They have far more significant impacts in surgical wards and on construction job sites around the world. In the lifting industry, they are often promoted by safety experts as a key way to make sure everyone leaves the jobsite as healthy as when they started the day.

But it's in the medical field that checklists have undergone the most rigorous, academic checking. A recent study exposes some of the problems checklists cannot solve on their own.

A pioneer in the scientific study of checklists is Atul Gawande. Author of 'The Checklist Manifesto', published in 2009, Gawande conducted research in 2007 that saw him develop a checklist of steps to ensure that surgical teams didn't miss important steps: from handwashing through to ensuring that tools are removed from patients' bodies. Before key stages in surgery, checklists make sure everyone on the team is in the right place, with the right tools. When these lists were tested at eight hospitals around the world, the results were stark: mortality rates were nearly halved, falling from 1.5% to 0.8%. In other words, for every 1,000 surgeries at a hospital using a checklist, seven extra people would live.

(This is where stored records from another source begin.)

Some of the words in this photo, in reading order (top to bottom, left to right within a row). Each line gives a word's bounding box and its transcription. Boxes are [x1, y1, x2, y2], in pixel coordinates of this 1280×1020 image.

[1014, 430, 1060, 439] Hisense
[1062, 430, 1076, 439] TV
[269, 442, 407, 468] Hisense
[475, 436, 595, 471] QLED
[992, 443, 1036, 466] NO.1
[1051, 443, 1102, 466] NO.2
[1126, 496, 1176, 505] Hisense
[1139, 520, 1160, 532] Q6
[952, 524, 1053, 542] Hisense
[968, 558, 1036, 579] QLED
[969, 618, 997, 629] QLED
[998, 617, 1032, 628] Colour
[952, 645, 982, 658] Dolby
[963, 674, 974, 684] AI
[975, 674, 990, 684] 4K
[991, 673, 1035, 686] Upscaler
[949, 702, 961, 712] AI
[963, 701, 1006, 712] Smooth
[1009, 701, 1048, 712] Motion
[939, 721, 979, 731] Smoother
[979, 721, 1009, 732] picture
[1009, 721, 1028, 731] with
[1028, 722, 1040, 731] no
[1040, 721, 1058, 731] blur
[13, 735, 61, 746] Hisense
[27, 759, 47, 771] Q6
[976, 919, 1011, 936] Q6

Part of the argument for checklists is that they impose best practice on everyone: the bowtied surgical genius and the hardhatted veteran crane operator, the junior nurse and the signaller on their first job. Whether their challenge is a lack of experience, or the over-confidence that can come from too much experience, everyone who follows the checklist, follows the process.

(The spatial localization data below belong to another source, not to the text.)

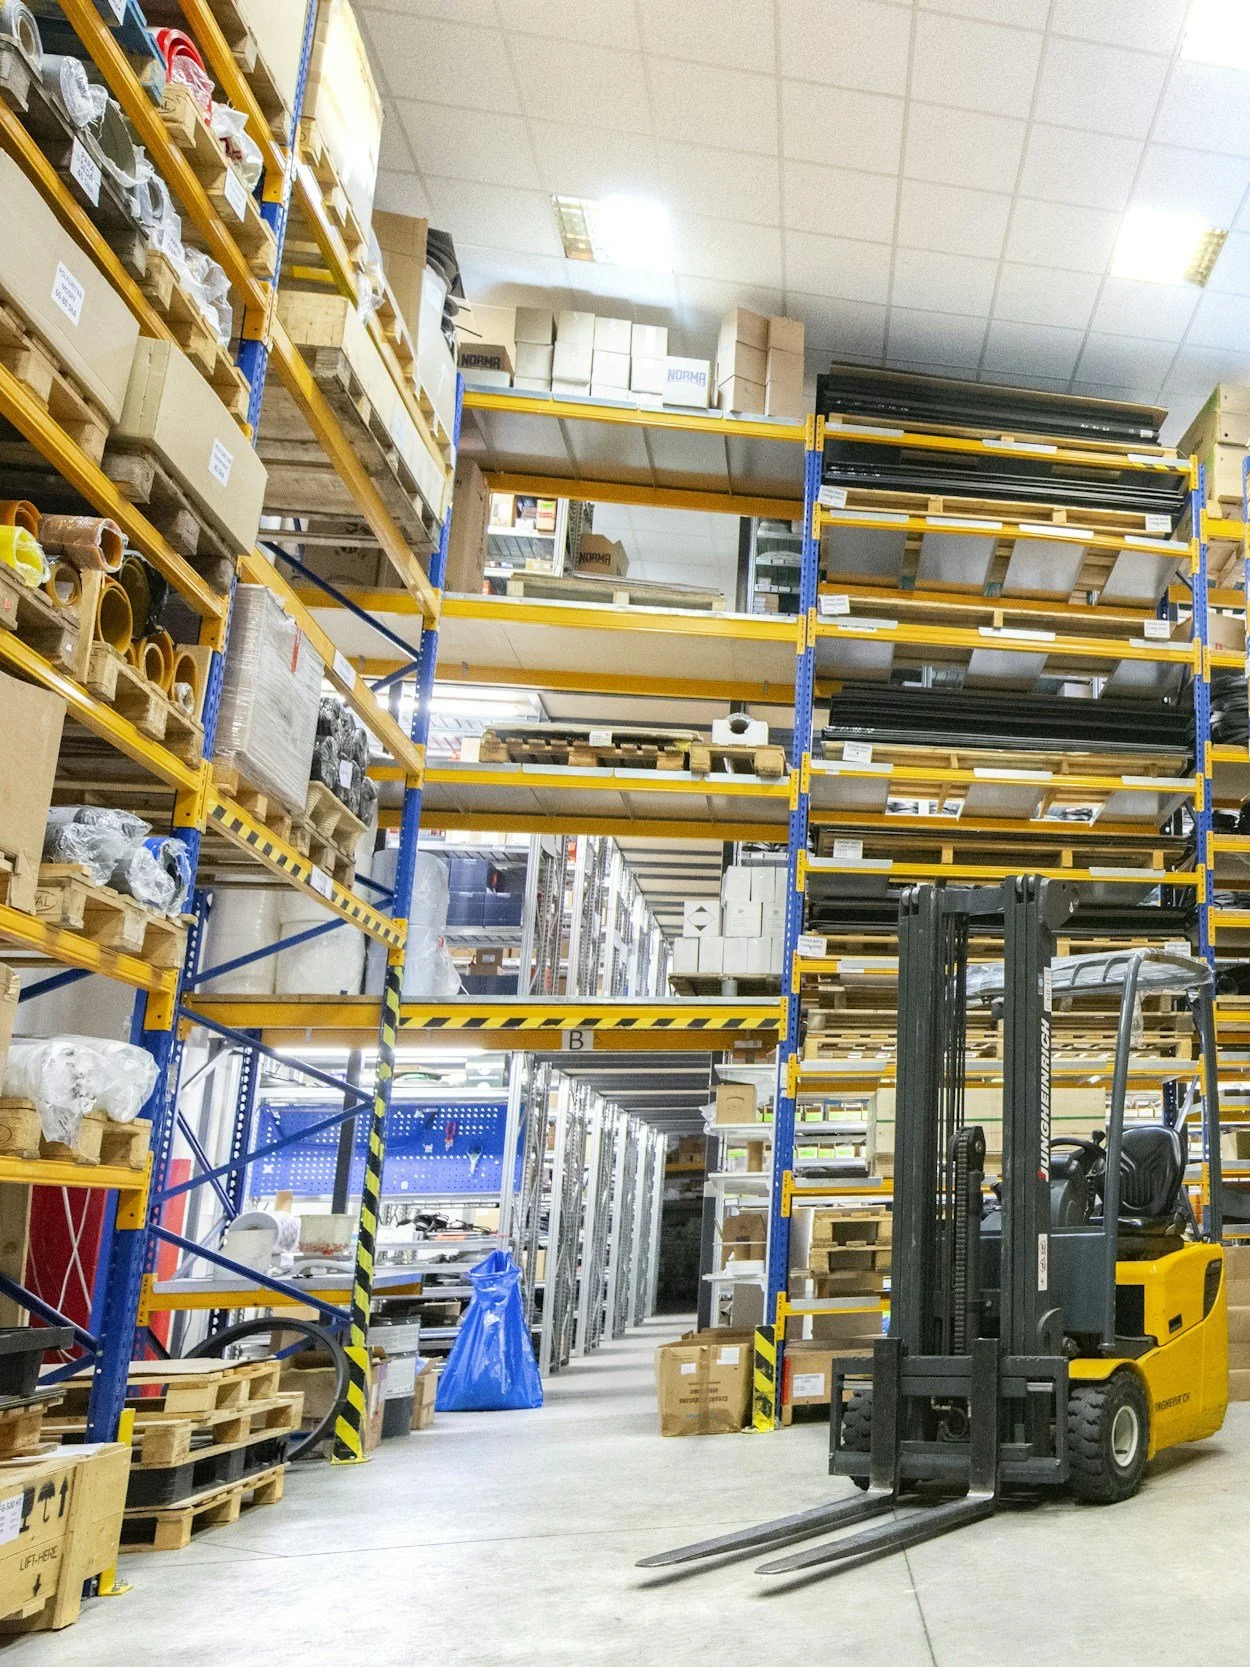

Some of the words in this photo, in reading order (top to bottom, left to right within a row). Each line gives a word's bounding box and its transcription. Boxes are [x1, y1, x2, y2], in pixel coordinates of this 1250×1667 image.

[461, 354, 500, 369] NORMA
[667, 368, 706, 385] NORMA
[569, 1030, 583, 1051] B
[1037, 1018, 1050, 1182] JUNGHEINRICH
[19, 1545, 58, 1571] LIFT-HERE

But Gawande's later work, and that of others, shows this is not always the case. In a 2014 study in India, his team conducted trials at 60 Indian maternity facilities, involving 160,000 women. While birth attendants who were coached to use the checklists performed the correct steps far more than those who weren't, mortality levels remained the same.

A study published this summer in JAMA Network Open, by James Suliburk, Quentin Buck, and Chris Pirko, suggests some of the issues with checklists, and a possible solution. The research looked into ways to categorise 'human performance deficiencies'. They found that more than half of adverse outcomes in hospitals they studied were due to human error, and categorised more than half of these as 'cognitive error'. Discussing their results, they note the importance of errors of recognition: failing to spot a risk. Describing growing research into 'checklist burnout', they suggest that the use of systembased approaches should be accompanied by cognitive training. Reflecting practice in the aviation industry, they recommend 'simulated playback' of incidents. Perhaps a similar approach, working through the steps of an incident, would be a useful tool in the construction sector, to highlight how risks can be missed.